I can’t imagine it’d be any worse than eating out of those cardboard bowls at Chipotle or the paper which wraps the burgers at In-N-Out. To be honest, depending on what kind of mac and cheese it is, that may be the weak, dirty link in this whole transaction.

Q: What advice would you give people looking to make a career change like you did? (@HoffUW)

There isn’t any good advice, really, as me turning my hobby blogging into a full time writing job had an awful lot to do with luck and the gratuitous overtures of the folks at NBC who didn’t know who I was but who took Aaron Gleeman and Matthew Pouliot’s word for it that I was a pretty OK blogger. They say luck is the residue of good planning and, yes, I put myself in a position to where my chance of getting a break was a bit better than it might have been, but there are people who are better and smarter than me who never got that break. Never confuse a writer’s platform or employer for one’s quality or value as a writer.

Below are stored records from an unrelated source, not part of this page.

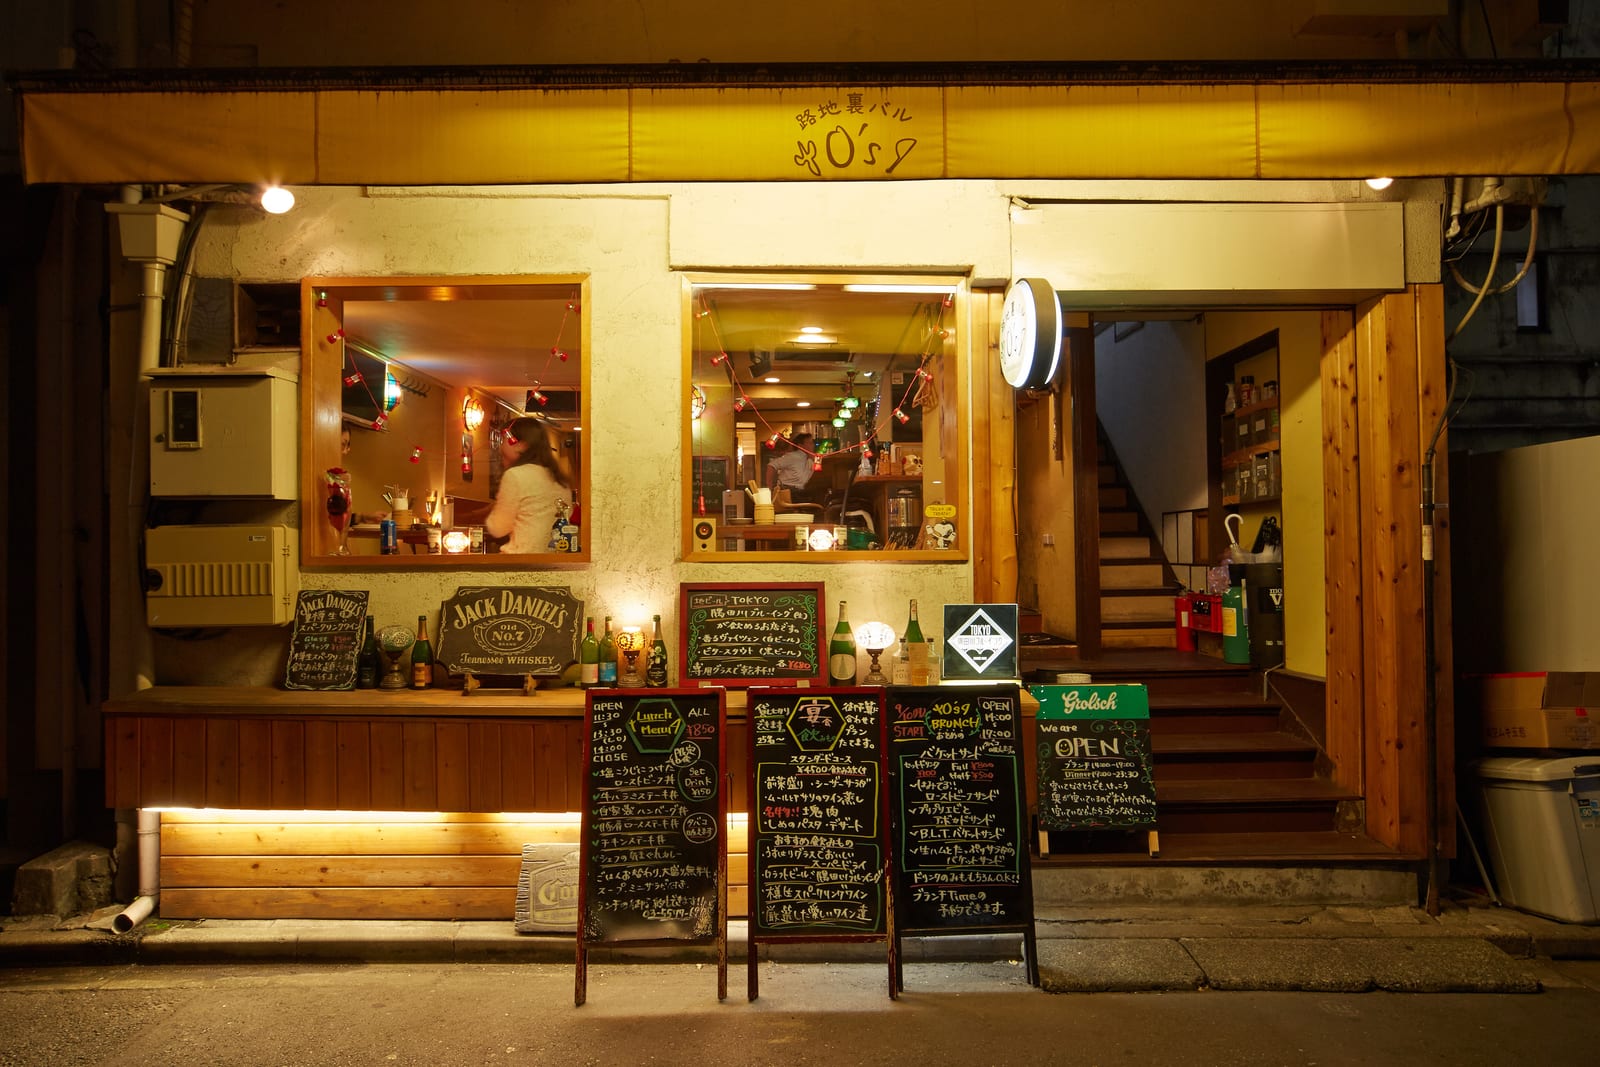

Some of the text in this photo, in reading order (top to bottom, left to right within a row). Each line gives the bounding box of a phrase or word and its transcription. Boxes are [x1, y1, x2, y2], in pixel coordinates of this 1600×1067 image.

[795, 92, 912, 130] 路地裏バル
[300, 598, 325, 616] JACK
[454, 590, 568, 629] JACK DANIEL'S
[970, 625, 991, 636] TOKYO
[460, 652, 555, 665] Tennessee WHISKEY
[593, 702, 623, 711] OPEN
[982, 701, 1010, 711] OPEN
[1061, 690, 1117, 715] Grolsch
[594, 712, 620, 721] 11:30
[636, 708, 673, 720] Lunch
[688, 708, 710, 718] ALL
[984, 712, 1012, 722] 14:00
[931, 717, 980, 730] BRUNCH
[1040, 724, 1058, 733] We
[593, 728, 622, 739] 13:30
[641, 725, 672, 734] Menu
[845, 724, 867, 736] プラン
[894, 725, 925, 737] START
[982, 729, 1011, 739] 17:00
[593, 744, 623, 754] 14:00
[920, 745, 985, 760] バケットサンド
[1055, 737, 1120, 757] OPEN
[790, 753, 852, 763] スタンダードコース
[1064, 760, 1090, 769] ブランチ
[689, 767, 706, 776] Set
[684, 776, 712, 787] Drink
[687, 817, 708, 827] タバコ

As for the actual leap, should one get the opportunity: try to think larger scale, rather than smaller scale. At the time I did this I took a pay cut. It was one I could afford at the time, thankfully, but it was one which, if I dwelled too much on it, I might’ve gotten afraid and not quit the legal gig, thinking I’d be killing myself financially over the next. 5-10 years at least. Instead, I thought about the next 40-50 years and what I’d be happy I had done and was willing to take that haircut in the name of some happiness and fulfillment. Final note: don’t hang around your old colleagues too much. It gets a bit depressing when you’re reminded of how much money you walked away from sometimes. But that passes.

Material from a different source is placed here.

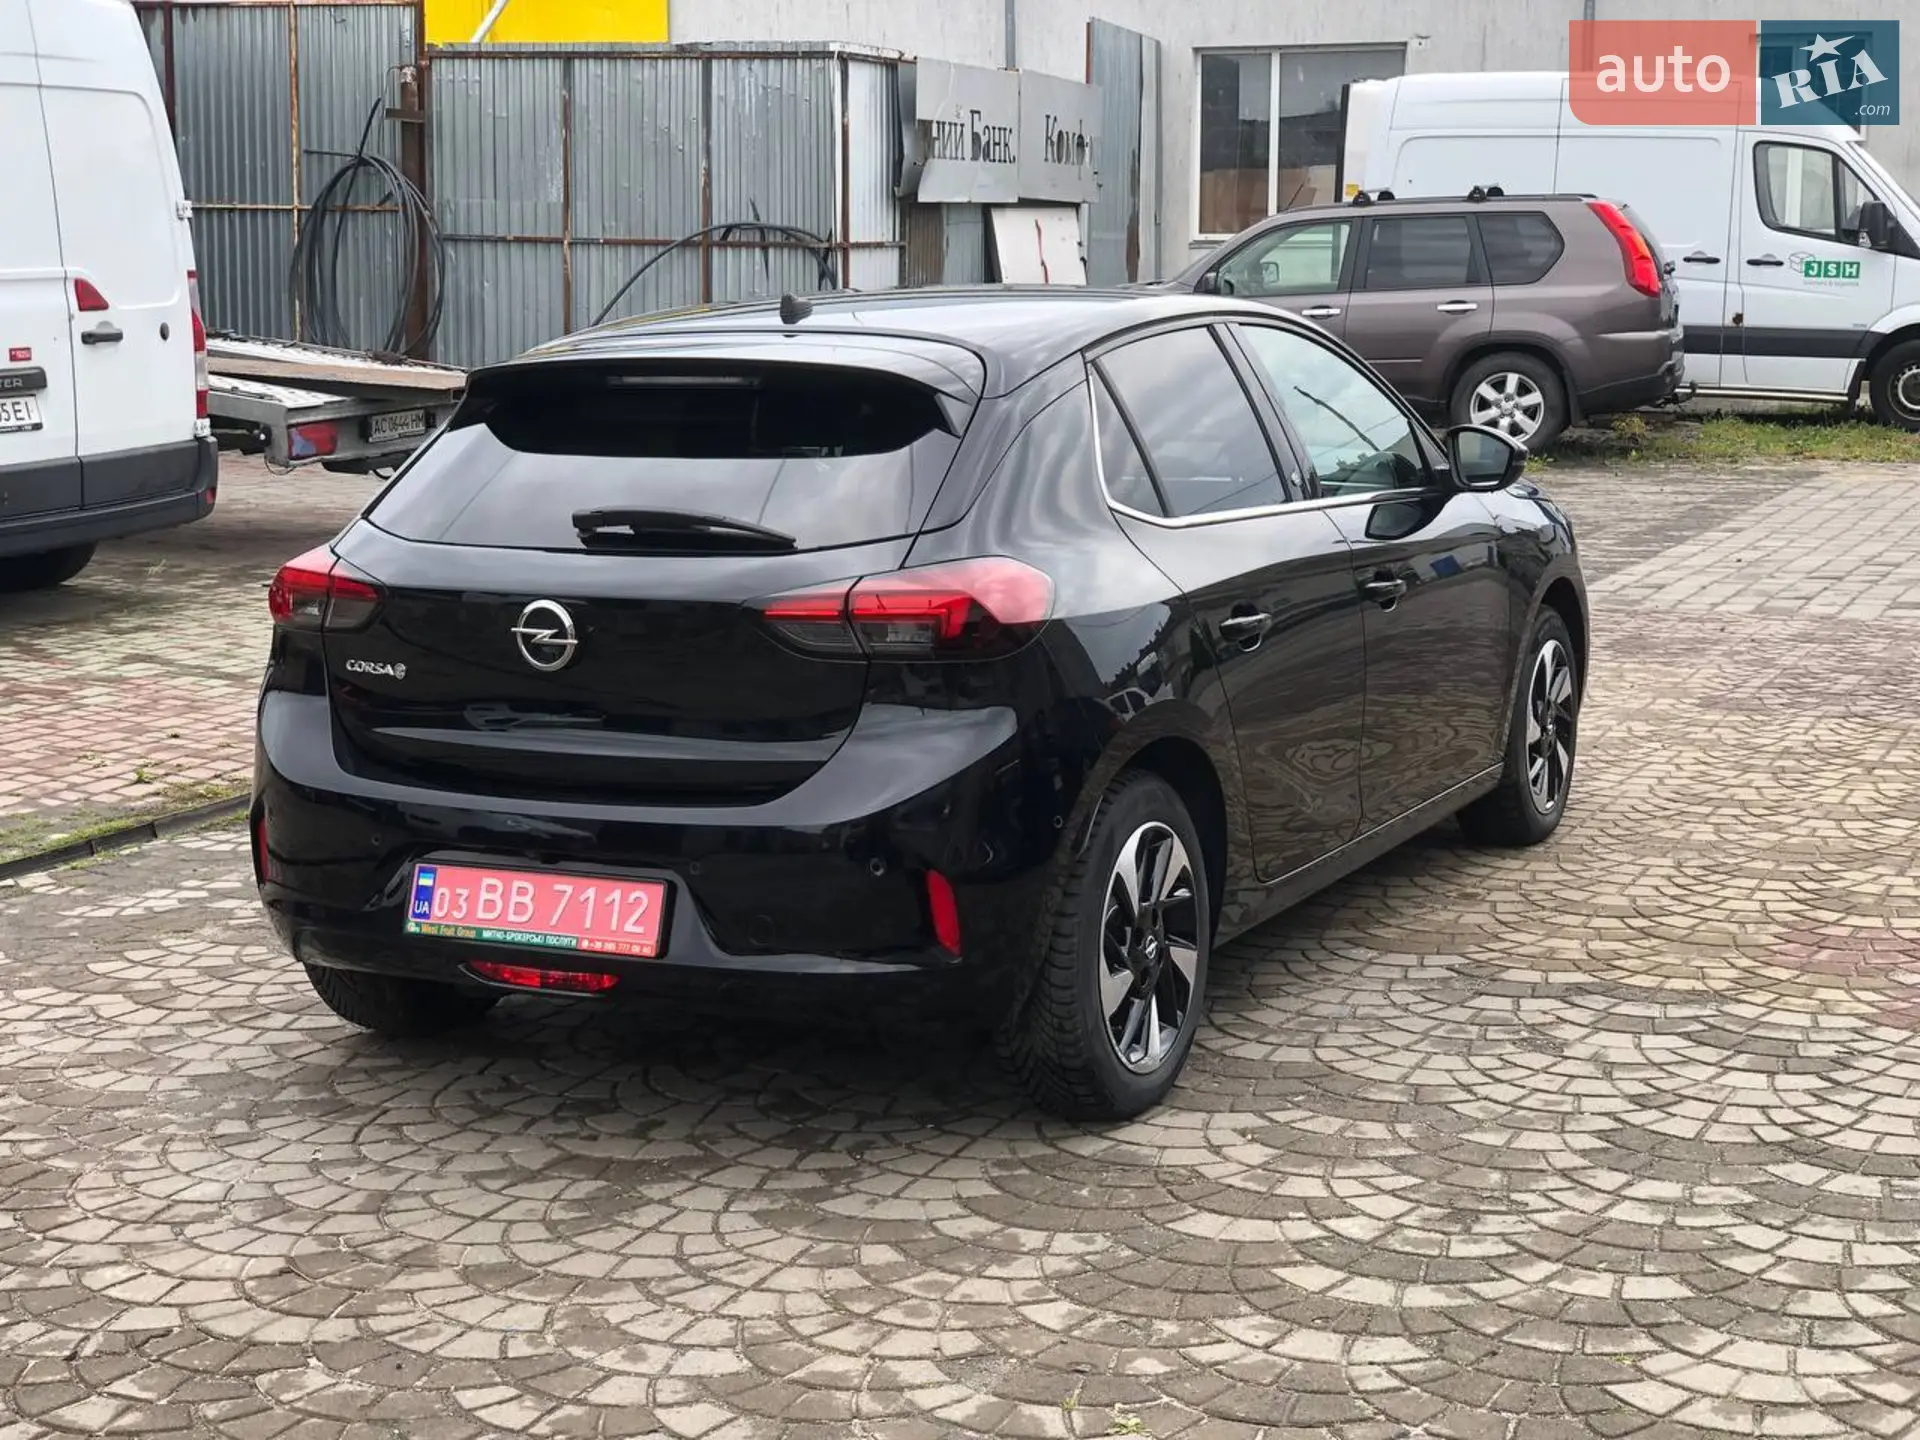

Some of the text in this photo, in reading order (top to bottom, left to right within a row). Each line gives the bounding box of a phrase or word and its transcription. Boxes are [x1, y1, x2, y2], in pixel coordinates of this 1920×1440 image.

[1807, 262, 1859, 277] JSH
[346, 659, 394, 676] CORSA
[414, 901, 430, 914] UA
[433, 877, 650, 934] 03 BB 7112

Q: Who would win in a physical fight in their respective primes: Secretariat or Barry Bonds? (@lk_1933)

Bonds. I would’ve answered this one differently a few years ago, but then I met Allison, my fiancee. She rides horses. English-style stuff. Hunters/Jumpers/Eventing, etc. I don’t ride, but I’ve hung around the barn enough to where I’ve learned some things about horses and how they behave. Unlike your dog or cat, they’re descended from prey animals, so they’re basically scared of everything. And you can push them the hell around, sometimes pretty easily. Hell, I’ve seen 65 year-old women who weigh 100 pounds soaking wet shove a thoroughbred out of the way with one hand while wagging the finger on the other. The horse sulks for ten minutes after that. It’s a gas. Now, there are rules you have to follow and sometimes a horse will try to bulldoze you. Allison’s horse, Beetlejuice, gets a bit jerky like that sometimes, but she kicks his ass back into line without much effort and she’s not some bodybuilder. Even a wuss like me is learning how to handle him. Barry Bonds, ‘roided up and cranky circa 2002 would have no trouble with Secretariat.

Q: Who’s your favorite child? (@ColinDMcLain)

Carlo, if you’re going to use an alias to try to see if I love Anna better, at least use one with a different first initial. And as you know, I love you equally. To the extent you two please me and/or piss me off, you do so in profoundly different ways and I wouldn’t change a thing about you.

Q: Is @MrBrianKenny ahead of the curve? (@Astros_gal)

We’ll have to buy his book to find out.

Q: What’s your favorite baseball stadium, ever of all time of any size any league? (@sportsmediafam)

Tiger Stadium in Detroit. I went to my first 30-40 games there and it’s there where I learned to love baseball. Well, there and on the radio. Beyond my personal nostalgia for it, I loved that it was completely closed in. Unlike today’s parks, the outside world did not matter, did not intrude. While the game was going on you could suspend disbelief that the real world existed and all that was happening was Milt Wilcox facing off against Larry Gura or something.

Q: How badly do you want this shirt?

Holy crap. This puts me in mind of a tweet a friend of mine wrote yesterday, which is 100% true:

Q: For a while I confused you with Lorenzo Carcaterra, the writer. Question: Best place to eat in Columbus? (@TJ_Shouse)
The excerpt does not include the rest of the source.